Several years back, a few of us in the church I attended, started talking about how we might help our church better engage in the area of compassion ministry. Not just loving our neighbors, but loving them well. This is how I met Amanda. She approached me after a class I taught on the subject and it didn’t take long to read between the lines of her questions or the lines on her face. The strain of hard circumstances and poor decisions were painted deep.
Amanda’s marriage was on the brink of divorce, her children were struggling academically and emotionally, her health was visibly poor, and her finances were a mess. In short, Amanda was a heap of complicated needs that all seemed to melt together with any attempt to address just one. 
Helping Amanda – loving her as my neighbor – would require a lot of shoulder-to-shoulder work, and not the kind you can do in one day or in tennis shoes. This would take weeks, months, even years. It would require work boots – the kind you choose because of their steel toes, extra support and lifetime warranty.
This shouldn’t surprise us. The road of our own transformation and the ongoing process of sanctification is just that – daily, lifelong, and often difficult. But it is also filled with grace, increasing the beauty of the goal – to become like Christ.

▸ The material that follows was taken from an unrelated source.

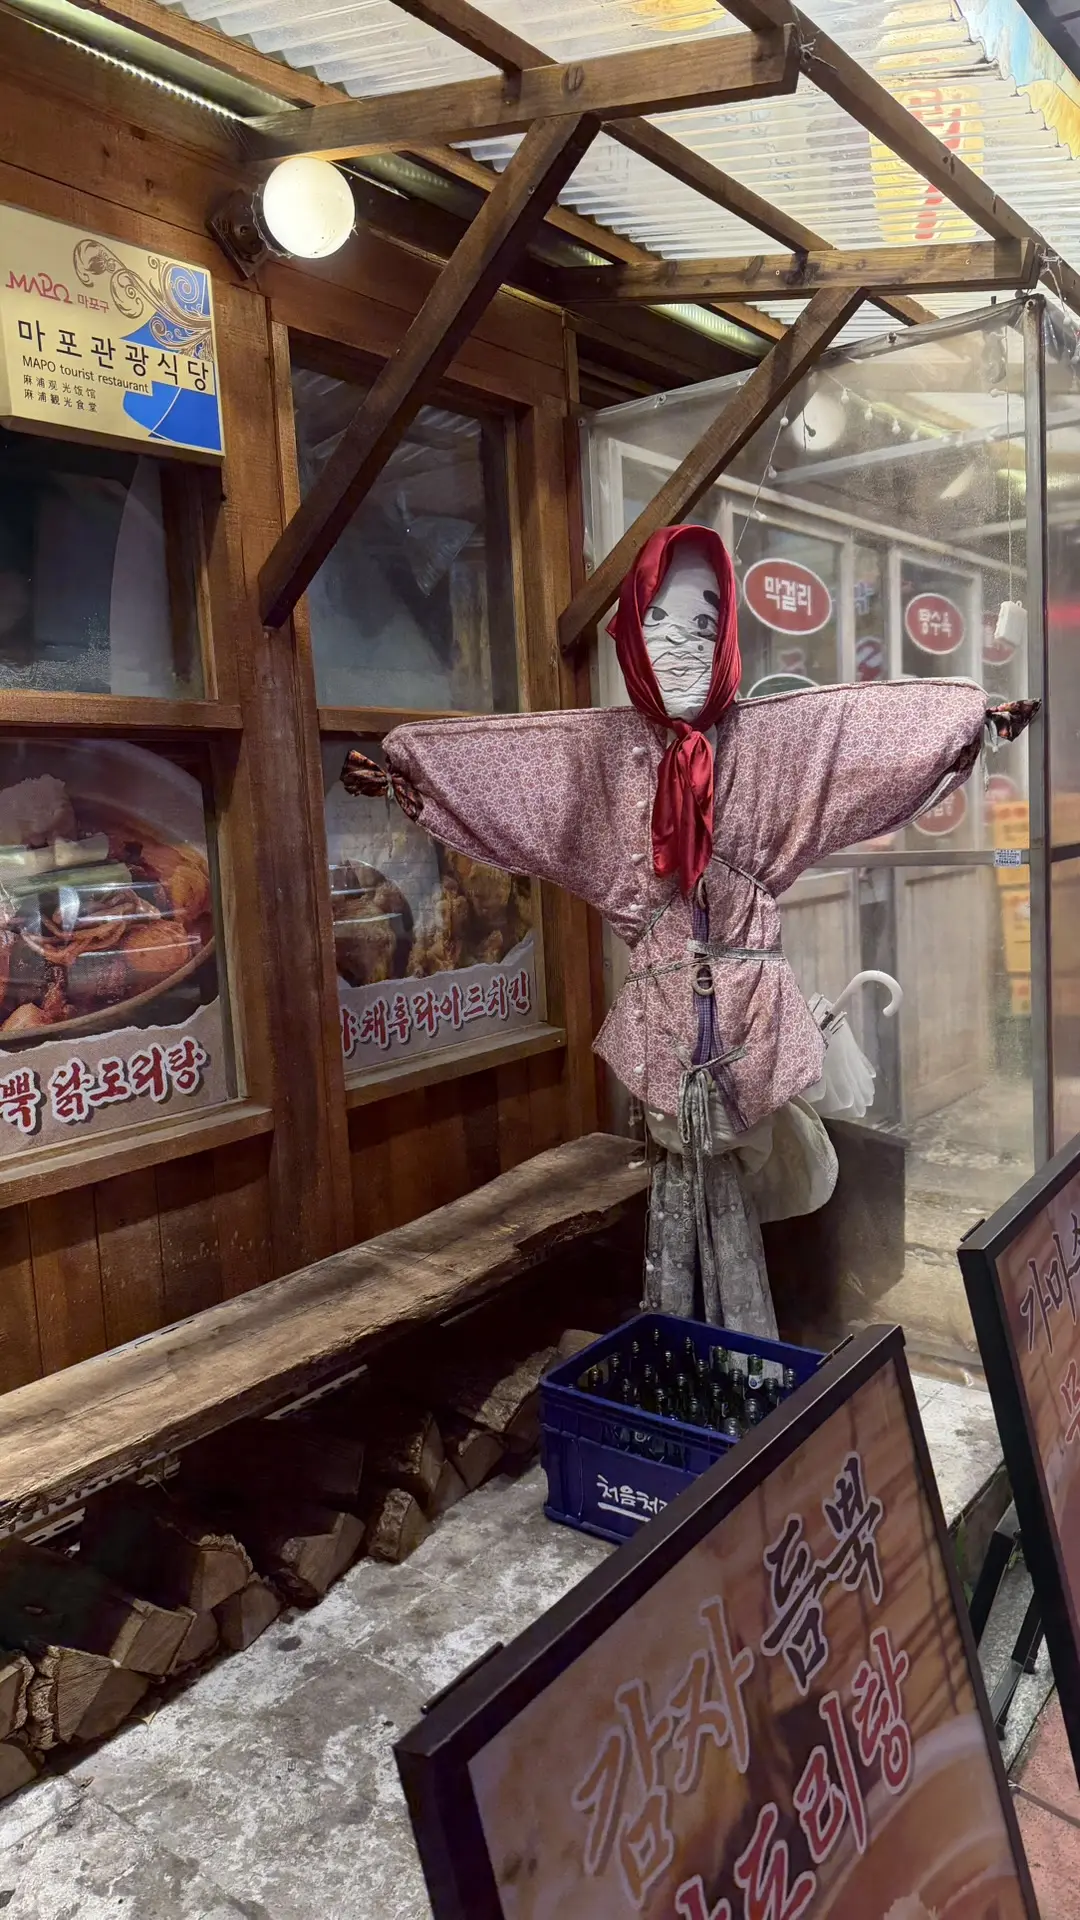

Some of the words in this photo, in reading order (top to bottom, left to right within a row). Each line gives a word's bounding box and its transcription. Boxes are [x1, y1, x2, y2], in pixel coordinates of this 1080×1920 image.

Unfortunately, today some of our best efforts at compassion are merely quick fixes. We hear a story like Amanda’s and we pour resources in along with a short spurt of support. With such actions we have too often turned to the duct tape of relief rather than the plaster and hard work of restoration. We all want quick fixes, even when we know that life doesn’t work that way.
Many people had attempted to help Amanda over the years, each one starting out with the good intentions of a day laborer hired to patch a small hole. In some way, they did provide a glimpse of hope and some temporary relief. But rain is inevitable and failure to address the problem behind the wall means that the hole will reappear and sometimes, even larger the next time around.
Restoration is never quick and is rarely easy. But the finished work, with all of the joy and beauty it brings, is worth it. Our hope is in the finished work of Christ, the very hope that brings depth to the meaning of loving our neighbor. This is the hope that ushers in true compassion, not mere sentimentality. This true compassion accompanies us when we recognize that we, too, are a work in progress, pressing in to the patient and faithful Master-restorer, who never abandons. We learn to love well when we realize that we are loved well.